On Getting Into Computer Science

People often underestimate how much of a shift it is for the first person to do something. There isn't necessarily a hero story involved, but rather a long journey of discovering nuances and figuring out how to do it.

In high school, I Googled how to apply for college because my entire family was in Columbia, and I was living by myself in a new country. I was academically advanced and had skipped several grades, but filling out forms about what I wanted to do was overwhelming. I remembered being good at taking things apart, as I had grown up decomposing and rebuilding motorbikes, specifically KMs and Kawasakis. I was also good at playing video games. So, I Googled "how to hack" and found a cybersecurity program at NYU. I applied and was shocked when I got in. I was even placed out of my English classes, which was mind-blowing to me as an immigrant.

I ended up majoring in computer science at NYU because my advisor, who was in charge of the computer science curriculum, recommended it. It was a good fit, and here I am today.

On Doing Cryptography Research at NYU

I'll give you a little bit more background. When I went to college, it was the first time I was academically challenged. High school was very easy, so I skipped many years in middle school and early on.

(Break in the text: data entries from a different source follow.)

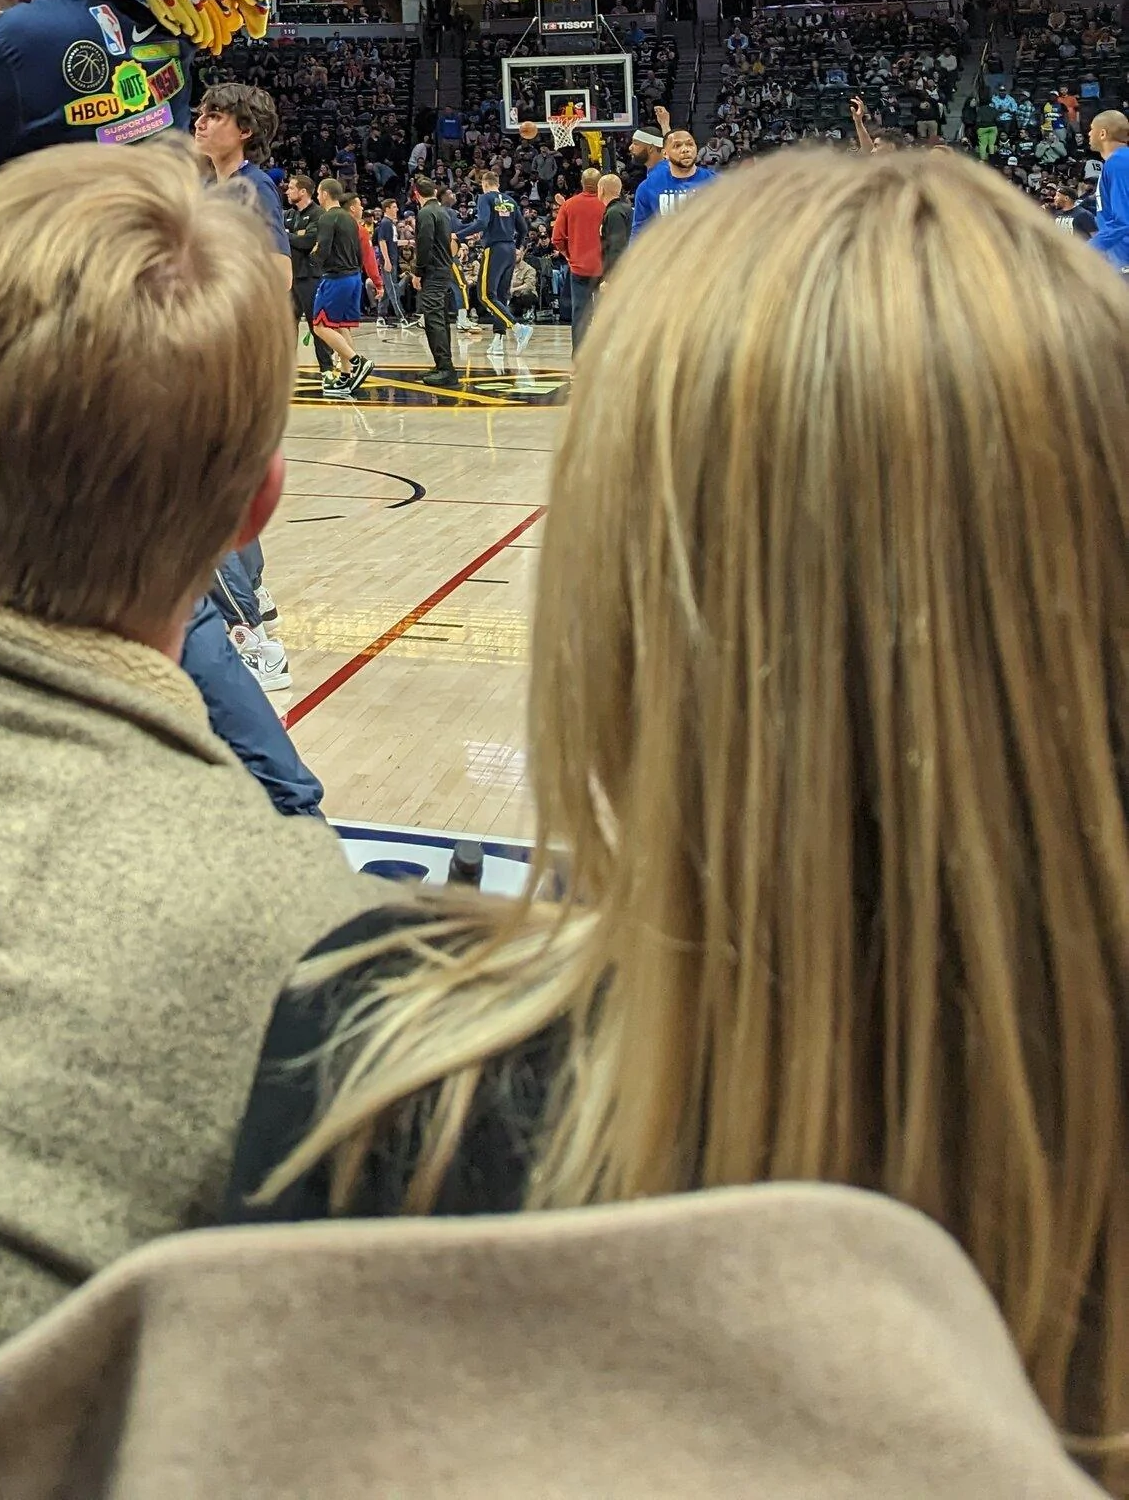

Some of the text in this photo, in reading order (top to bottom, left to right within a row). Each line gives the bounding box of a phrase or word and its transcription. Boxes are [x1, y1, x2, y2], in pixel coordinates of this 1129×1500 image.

[558, 20, 595, 30] TISSOT
[119, 73, 146, 101] VOTE
[71, 97, 120, 122] HBCU
[103, 107, 167, 136] SUPPORT BLACK
[115, 118, 164, 142] BUSINESSES

At college, I went to a well-known university and was amazed by how smart everyone was. I did poorly on the initial set of exams, so I knew I had to get my life together. It was the first time I did well academically. As part of the Wednesday club, a hacking club, I joined a research project with Nitesh Saxena, a cryptography researcher. I've always been interested in applied systems. I left academia to go into engineering because I think I can add more value to the world by building real systems that people can use to improve their lives. For example, Redpanda is a system that's now being deployed in outer space, payment systems, oil and gas pipelines, and intelligent beds to monitor heart meters between moms and babies. That's the kind of system I wanted to build.

I was part of a research project where I had the idea of using games to motivate people. Saxena had started this area of research, and I wrote the first game to build entropy. Then, I created a new game idea that got us a bunch of papers published in prestigious journals like ACM. The games were created around cryptography issues, like how to transmit true randomness or transfer keys. We invented games around that, and then we invented a bunch of games around Mace puzzle solving for building layered security on Android. Google gave us a bunch of money for some of my ideas, and then the NSF gave us money. Ultimately, I left cryptography and academia because I wanted to build applied systems that made the world a better place today, not in 10 years.

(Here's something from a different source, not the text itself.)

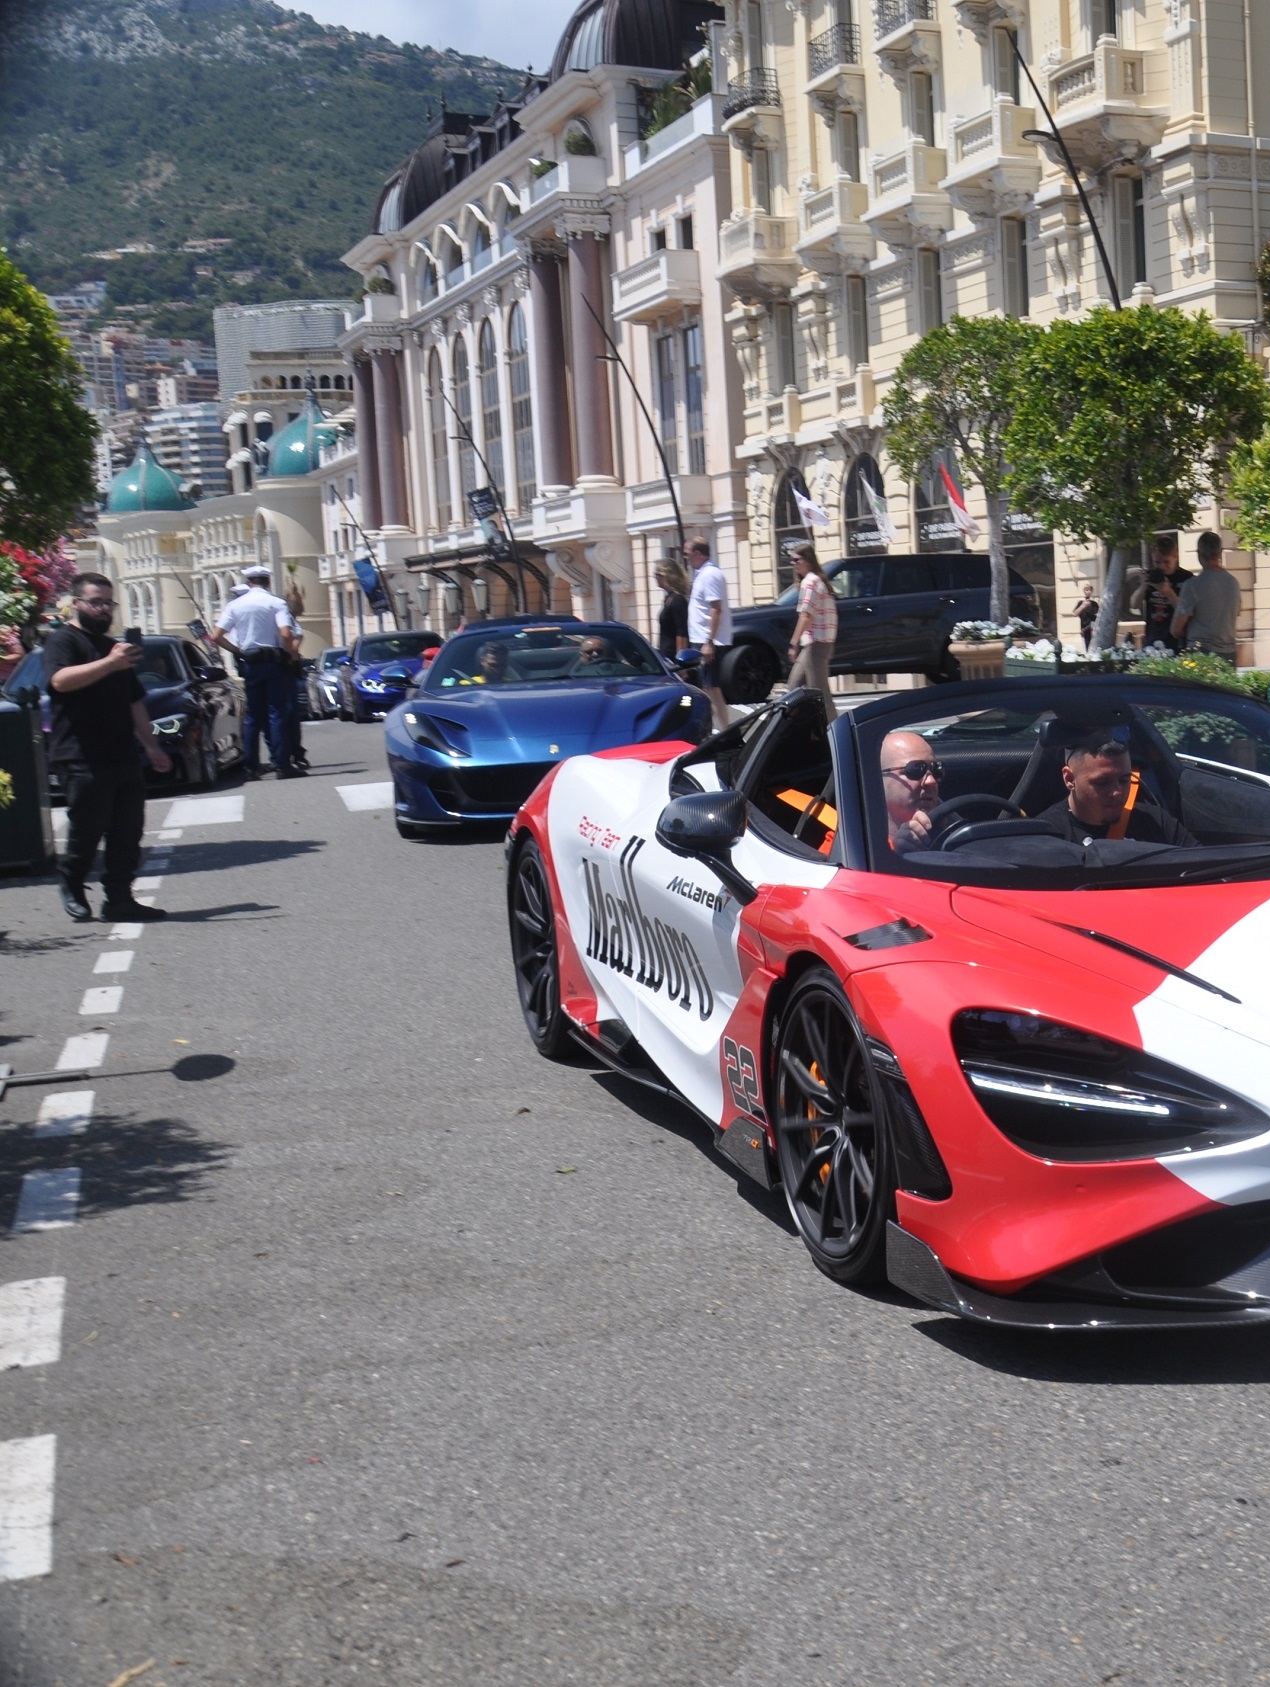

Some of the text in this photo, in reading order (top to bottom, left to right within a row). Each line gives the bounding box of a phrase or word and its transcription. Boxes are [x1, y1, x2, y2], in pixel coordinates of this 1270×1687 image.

[581, 834, 715, 1022] Marlboro
[666, 875, 723, 913] McLaren
[723, 1035, 769, 1127] 22

Academic rigor is really useful, and the process of feedback in academia is brutal. I cried the first time we submitted a paper to a journal because the reviewer critiqued part of the paper. It was the first time I was stepping into a big boy podium. The two good things that I learned were: one, to not bs myself into thinking that I'm better than I am, and two, to divorce my value of self-worth from the value of my work. It's OK to write some code and realize it sucks. You need iteration and feedback to write good code.

I still carry that mentality to this day. I want experts to tell me what I'm doing wrong, not to satisfy them, but because I want to learn and do better next time, even from a technical perspective.

On His First Job at FactSet

Surprisingly, the world works. My job was to process the S&P 500 and render it into Blackberry and Nokia platforms using a fork of SQLite. However, Blackberry was the most challenging platform to work with due to its complicated API.

Despite the challenges, I realized that the world needed more builders and that anyone could improve existing processes and systems with enough time and effort. At Factset, I learned much about pull requests, writing C++ code for open VMs, and working with a different threading model and memory semantics.

I also learned that the space for improvement is vast and that meeting people who have changed the world through their work is inspiring. Factset is one such company that has made a significant impact, and I believe anyone can be a part of changing the system and building impressive systems if they are willing to learn and put in the effort.

On Being The First Engineer at YieldMo

This story begins with my friend Joe, my intern mentor at FactSet. Joe went on to sell a company to Coinbase recently. After leaving FactSet, he worked for the CEO of YieldMo, a Google venture company, Mike Yavonditte.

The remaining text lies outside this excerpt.